━━━━━ MATERIAL SHOWN

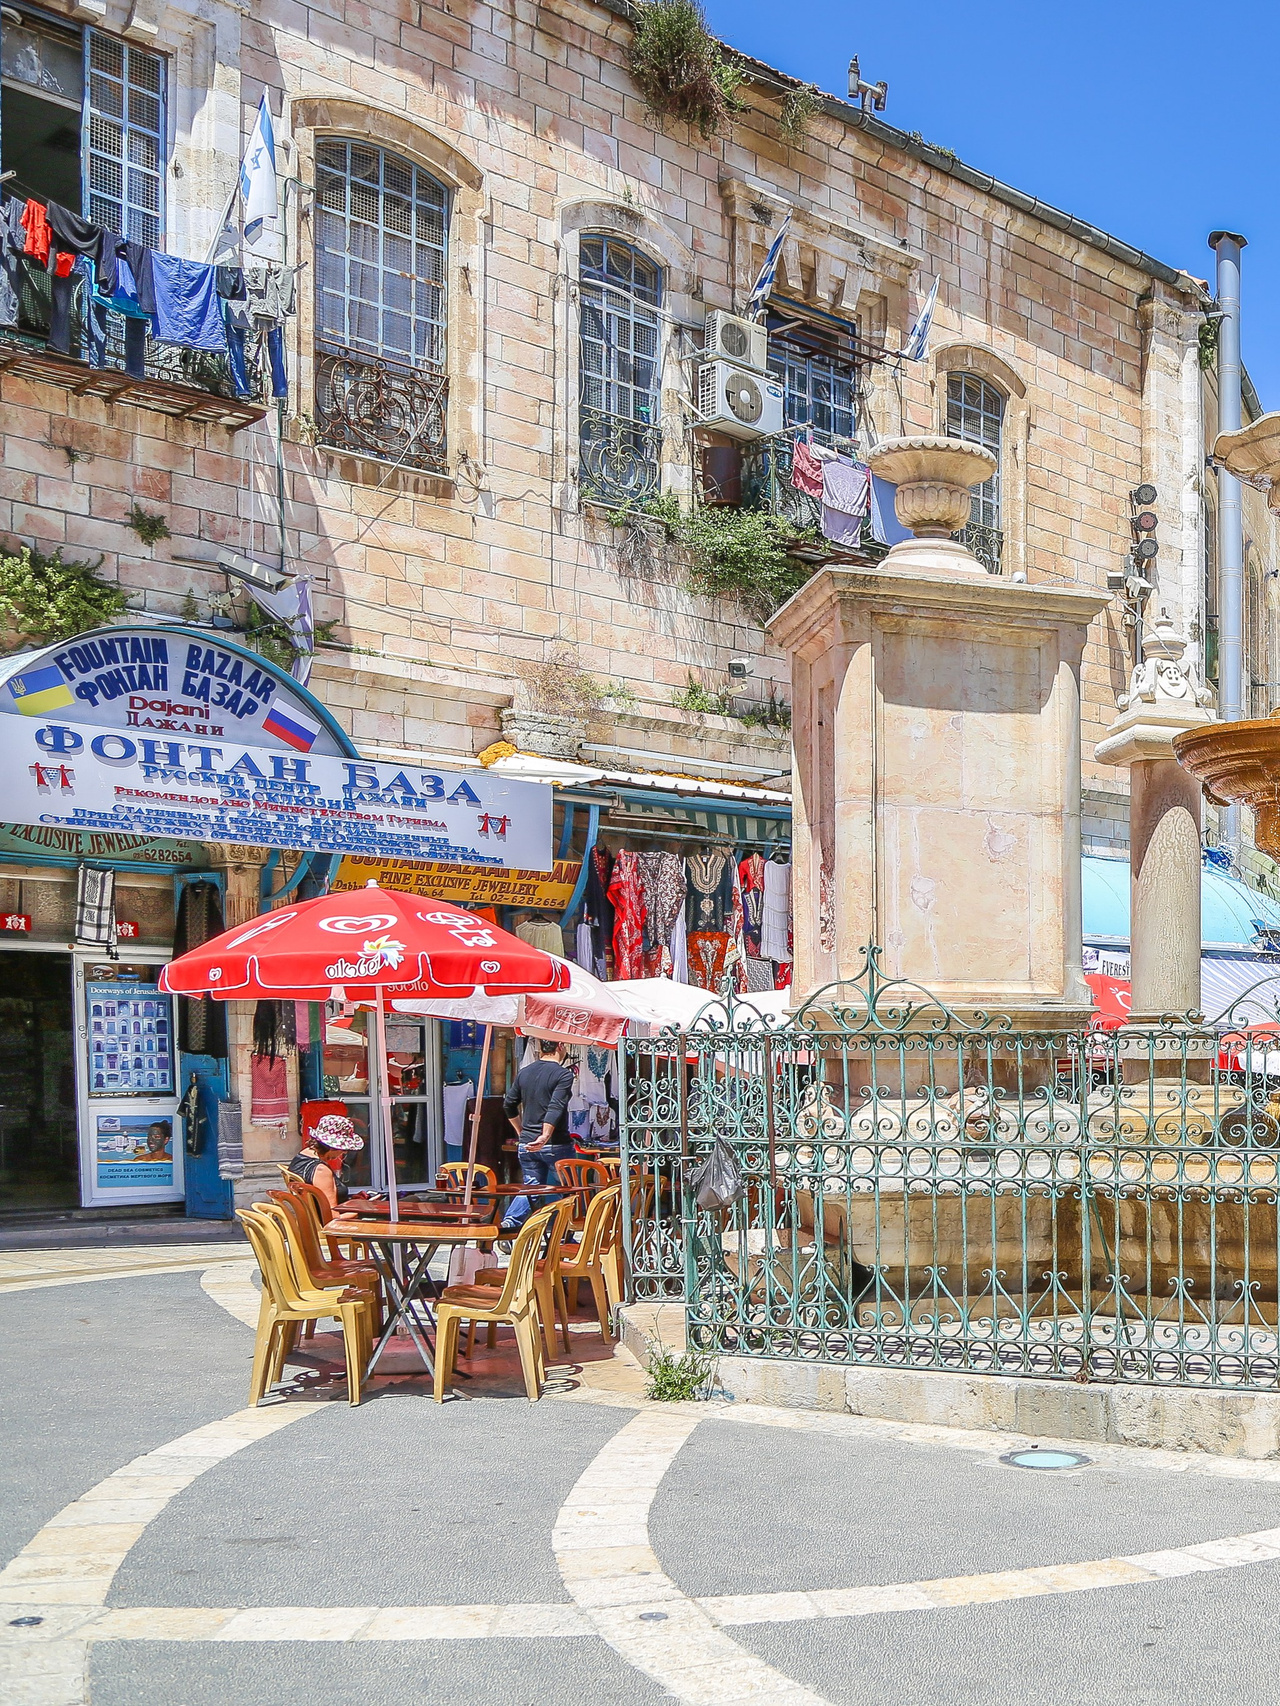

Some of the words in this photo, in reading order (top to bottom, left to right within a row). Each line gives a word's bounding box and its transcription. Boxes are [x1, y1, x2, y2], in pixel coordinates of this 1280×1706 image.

[53, 637, 169, 682] FOUNTAIN
[185, 644, 277, 704] BAZAAR
[75, 665, 168, 707] ФОНТАН
[181, 670, 259, 720] БАЗАР
[129, 695, 210, 720] Dajani
[35, 725, 312, 783] ФОНТАН
[342, 763, 482, 803] БАЗА
[378, 871, 412, 886] FINE
[413, 873, 471, 890] EXCLUSIVE
[473, 880, 540, 897] JEWELLERY
[431, 889, 444, 898] 64
[490, 893, 567, 908] 02-6282654
[90, 986, 124, 996] Doorways
[125, 986, 132, 994] of

━━━━━━━━━━

_WHAT YOU HAVE TO DO_
All of the entries above need to be transcribed exactly, except for the pictures.

_RESULT_
Some of the words in this photo, in reading order (top to bottom, left to right within a row). Each line gives a word's bounding box and its transcription. Boxes are [x1, y1, x2, y2], in pixel coordinates of this 1280×1706 image.

[53, 637, 169, 682] FOUNTAIN
[185, 644, 277, 704] BAZAAR
[75, 665, 168, 707] ФОНТАН
[181, 670, 259, 720] БАЗАР
[129, 695, 210, 720] Dajani
[35, 725, 312, 783] ФОНТАН
[342, 763, 482, 803] БАЗА
[378, 871, 412, 886] FINE
[413, 873, 471, 890] EXCLUSIVE
[473, 880, 540, 897] JEWELLERY
[431, 889, 444, 898] 64
[490, 893, 567, 908] 02-6282654
[90, 986, 124, 996] Doorways
[125, 986, 132, 994] of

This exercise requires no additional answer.